-------- DATA TO PROCESS --------

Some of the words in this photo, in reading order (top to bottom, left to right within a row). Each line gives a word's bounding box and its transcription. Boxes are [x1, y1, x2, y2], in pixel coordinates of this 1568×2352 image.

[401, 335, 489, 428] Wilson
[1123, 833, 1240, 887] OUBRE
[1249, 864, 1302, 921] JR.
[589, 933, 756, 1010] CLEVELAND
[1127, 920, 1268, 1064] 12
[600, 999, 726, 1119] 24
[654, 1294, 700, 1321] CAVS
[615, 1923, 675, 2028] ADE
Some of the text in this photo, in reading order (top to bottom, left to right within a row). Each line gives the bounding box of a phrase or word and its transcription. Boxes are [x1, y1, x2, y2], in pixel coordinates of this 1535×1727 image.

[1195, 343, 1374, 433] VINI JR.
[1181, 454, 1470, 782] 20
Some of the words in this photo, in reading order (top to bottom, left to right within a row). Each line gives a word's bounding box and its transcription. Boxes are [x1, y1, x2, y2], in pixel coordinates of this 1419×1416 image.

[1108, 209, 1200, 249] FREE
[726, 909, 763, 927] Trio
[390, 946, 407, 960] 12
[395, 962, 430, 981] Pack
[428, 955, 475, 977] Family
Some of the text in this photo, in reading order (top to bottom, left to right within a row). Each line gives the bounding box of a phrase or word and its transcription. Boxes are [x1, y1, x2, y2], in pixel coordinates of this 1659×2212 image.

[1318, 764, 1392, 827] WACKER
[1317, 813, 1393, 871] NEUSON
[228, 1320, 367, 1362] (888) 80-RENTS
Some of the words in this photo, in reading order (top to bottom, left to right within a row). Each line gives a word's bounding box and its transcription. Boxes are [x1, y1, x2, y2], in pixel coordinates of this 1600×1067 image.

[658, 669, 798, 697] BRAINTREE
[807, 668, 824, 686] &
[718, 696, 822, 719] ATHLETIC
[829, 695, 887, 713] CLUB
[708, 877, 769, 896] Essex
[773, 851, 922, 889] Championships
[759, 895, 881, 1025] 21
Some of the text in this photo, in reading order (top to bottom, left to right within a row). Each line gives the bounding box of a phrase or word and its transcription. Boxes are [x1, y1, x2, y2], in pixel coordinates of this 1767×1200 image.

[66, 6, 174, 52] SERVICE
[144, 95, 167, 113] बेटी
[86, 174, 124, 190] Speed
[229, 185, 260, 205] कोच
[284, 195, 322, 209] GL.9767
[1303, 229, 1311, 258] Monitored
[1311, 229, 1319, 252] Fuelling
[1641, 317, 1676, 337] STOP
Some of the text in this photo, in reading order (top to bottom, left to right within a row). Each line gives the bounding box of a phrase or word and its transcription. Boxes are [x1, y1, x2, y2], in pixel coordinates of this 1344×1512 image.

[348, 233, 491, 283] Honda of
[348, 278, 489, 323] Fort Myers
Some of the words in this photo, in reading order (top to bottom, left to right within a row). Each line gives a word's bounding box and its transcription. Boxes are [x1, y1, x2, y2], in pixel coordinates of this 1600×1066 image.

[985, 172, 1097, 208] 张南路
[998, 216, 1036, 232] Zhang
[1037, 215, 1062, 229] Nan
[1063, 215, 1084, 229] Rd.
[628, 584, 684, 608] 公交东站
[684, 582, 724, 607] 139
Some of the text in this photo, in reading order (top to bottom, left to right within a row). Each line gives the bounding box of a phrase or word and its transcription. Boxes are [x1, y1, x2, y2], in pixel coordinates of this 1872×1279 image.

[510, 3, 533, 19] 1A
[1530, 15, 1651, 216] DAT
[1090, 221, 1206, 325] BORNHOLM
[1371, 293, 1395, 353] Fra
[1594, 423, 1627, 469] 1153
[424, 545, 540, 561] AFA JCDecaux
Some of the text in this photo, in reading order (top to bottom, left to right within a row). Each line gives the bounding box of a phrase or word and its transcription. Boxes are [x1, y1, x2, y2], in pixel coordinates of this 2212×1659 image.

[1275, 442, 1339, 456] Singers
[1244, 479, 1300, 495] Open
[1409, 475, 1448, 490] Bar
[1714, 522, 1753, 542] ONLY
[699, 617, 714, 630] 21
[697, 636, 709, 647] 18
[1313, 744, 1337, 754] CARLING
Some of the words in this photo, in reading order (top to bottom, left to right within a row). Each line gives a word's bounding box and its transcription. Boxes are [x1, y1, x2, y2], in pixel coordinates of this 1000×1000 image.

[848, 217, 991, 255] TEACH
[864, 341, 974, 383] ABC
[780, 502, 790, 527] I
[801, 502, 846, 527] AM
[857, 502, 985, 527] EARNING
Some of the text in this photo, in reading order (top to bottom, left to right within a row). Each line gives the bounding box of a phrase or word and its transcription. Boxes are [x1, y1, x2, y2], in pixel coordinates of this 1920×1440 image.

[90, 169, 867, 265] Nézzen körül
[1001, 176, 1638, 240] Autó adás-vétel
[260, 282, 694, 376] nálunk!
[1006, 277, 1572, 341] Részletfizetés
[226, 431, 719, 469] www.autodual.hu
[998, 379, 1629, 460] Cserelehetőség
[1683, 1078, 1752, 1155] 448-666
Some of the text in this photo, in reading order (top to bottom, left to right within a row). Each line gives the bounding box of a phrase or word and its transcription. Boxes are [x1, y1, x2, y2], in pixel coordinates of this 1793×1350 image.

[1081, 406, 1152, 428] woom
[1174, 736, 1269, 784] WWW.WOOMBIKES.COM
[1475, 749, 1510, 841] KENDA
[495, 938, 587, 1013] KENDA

--------

WORK TASK: For this exercise, retype the complete listing exactly.

SOLUTION TO THIS EXERCISE:
Some of the words in this photo, in reading order (top to bottom, left to right within a row). Each line gives a word's bounding box and its transcription. Boxes are [x1, y1, x2, y2], in pixel coordinates of this 1568×2352 image.

[401, 335, 489, 428] Wilson
[1123, 833, 1240, 887] OUBRE
[1249, 864, 1302, 921] JR.
[589, 933, 756, 1010] CLEVELAND
[1127, 920, 1268, 1064] 12
[600, 999, 726, 1119] 24
[654, 1294, 700, 1321] CAVS
[615, 1923, 675, 2028] ADE
Some of the text in this photo, in reading order (top to bottom, left to right within a row). Each line gives the bounding box of a phrase or word and its transcription. Boxes are [x1, y1, x2, y2], in pixel coordinates of this 1535×1727 image.

[1195, 343, 1374, 433] VINI JR.
[1181, 454, 1470, 782] 20
Some of the words in this photo, in reading order (top to bottom, left to right within a row). Each line gives a word's bounding box and its transcription. Boxes are [x1, y1, x2, y2], in pixel coordinates of this 1419×1416 image.

[1108, 209, 1200, 249] FREE
[726, 909, 763, 927] Trio
[390, 946, 407, 960] 12
[395, 962, 430, 981] Pack
[428, 955, 475, 977] Family
Some of the text in this photo, in reading order (top to bottom, left to right within a row). Each line gives the bounding box of a phrase or word and its transcription. Boxes are [x1, y1, x2, y2], in pixel coordinates of this 1659×2212 image.

[1318, 764, 1392, 827] WACKER
[1317, 813, 1393, 871] NEUSON
[228, 1320, 367, 1362] (888) 80-RENTS
Some of the words in this photo, in reading order (top to bottom, left to right within a row). Each line gives a word's bounding box and its transcription. Boxes are [x1, y1, x2, y2], in pixel coordinates of this 1600×1067 image.

[658, 669, 798, 697] BRAINTREE
[807, 668, 824, 686] &
[718, 696, 822, 719] ATHLETIC
[829, 695, 887, 713] CLUB
[708, 877, 769, 896] Essex
[773, 851, 922, 889] Championships
[759, 895, 881, 1025] 21
Some of the text in this photo, in reading order (top to bottom, left to right within a row). Each line gives the bounding box of a phrase or word and its transcription. Boxes are [x1, y1, x2, y2], in pixel coordinates of this 1767×1200 image.

[66, 6, 174, 52] SERVICE
[144, 95, 167, 113] बेटी
[86, 174, 124, 190] Speed
[229, 185, 260, 205] कोच
[284, 195, 322, 209] GL.9767
[1303, 229, 1311, 258] Monitored
[1311, 229, 1319, 252] Fuelling
[1641, 317, 1676, 337] STOP
Some of the text in this photo, in reading order (top to bottom, left to right within a row). Each line gives the bounding box of a phrase or word and its transcription. Boxes are [x1, y1, x2, y2], in pixel coordinates of this 1344×1512 image.

[348, 233, 491, 283] Honda of
[348, 278, 489, 323] Fort Myers
Some of the words in this photo, in reading order (top to bottom, left to right within a row). Each line gives a word's bounding box and its transcription. Boxes are [x1, y1, x2, y2], in pixel coordinates of this 1600×1066 image.

[985, 172, 1097, 208] 张南路
[998, 216, 1036, 232] Zhang
[1037, 215, 1062, 229] Nan
[1063, 215, 1084, 229] Rd.
[628, 584, 684, 608] 公交东站
[684, 582, 724, 607] 139
Some of the text in this photo, in reading order (top to bottom, left to right within a row). Each line gives the bounding box of a phrase or word and its transcription. Boxes are [x1, y1, x2, y2], in pixel coordinates of this 1872×1279 image.

[510, 3, 533, 19] 1A
[1530, 15, 1651, 216] DAT
[1090, 221, 1206, 325] BORNHOLM
[1371, 293, 1395, 353] Fra
[1594, 423, 1627, 469] 1153
[424, 545, 540, 561] AFA JCDecaux
Some of the text in this photo, in reading order (top to bottom, left to right within a row). Each line gives the bounding box of a phrase or word and its transcription. Boxes are [x1, y1, x2, y2], in pixel coordinates of this 2212×1659 image.

[1275, 442, 1339, 456] Singers
[1244, 479, 1300, 495] Open
[1409, 475, 1448, 490] Bar
[1714, 522, 1753, 542] ONLY
[699, 617, 714, 630] 21
[697, 636, 709, 647] 18
[1313, 744, 1337, 754] CARLING
Some of the words in this photo, in reading order (top to bottom, left to right within a row). Each line gives a word's bounding box and its transcription. Boxes are [x1, y1, x2, y2], in pixel coordinates of this 1000×1000 image.

[848, 217, 991, 255] TEACH
[864, 341, 974, 383] ABC
[780, 502, 790, 527] I
[801, 502, 846, 527] AM
[857, 502, 985, 527] EARNING
Some of the text in this photo, in reading order (top to bottom, left to right within a row). Each line gives the bounding box of a phrase or word and its transcription. Boxes are [x1, y1, x2, y2], in pixel coordinates of this 1920×1440 image.

[90, 169, 867, 265] Nézzen körül
[1001, 176, 1638, 240] Autó adás-vétel
[260, 282, 694, 376] nálunk!
[1006, 277, 1572, 341] Részletfizetés
[226, 431, 719, 469] www.autodual.hu
[998, 379, 1629, 460] Cserelehetőség
[1683, 1078, 1752, 1155] 448-666
Some of the text in this photo, in reading order (top to bottom, left to right within a row). Each line gives the bounding box of a phrase or word and its transcription. Boxes are [x1, y1, x2, y2], in pixel coordinates of this 1793×1350 image.

[1081, 406, 1152, 428] woom
[1174, 736, 1269, 784] WWW.WOOMBIKES.COM
[1475, 749, 1510, 841] KENDA
[495, 938, 587, 1013] KENDA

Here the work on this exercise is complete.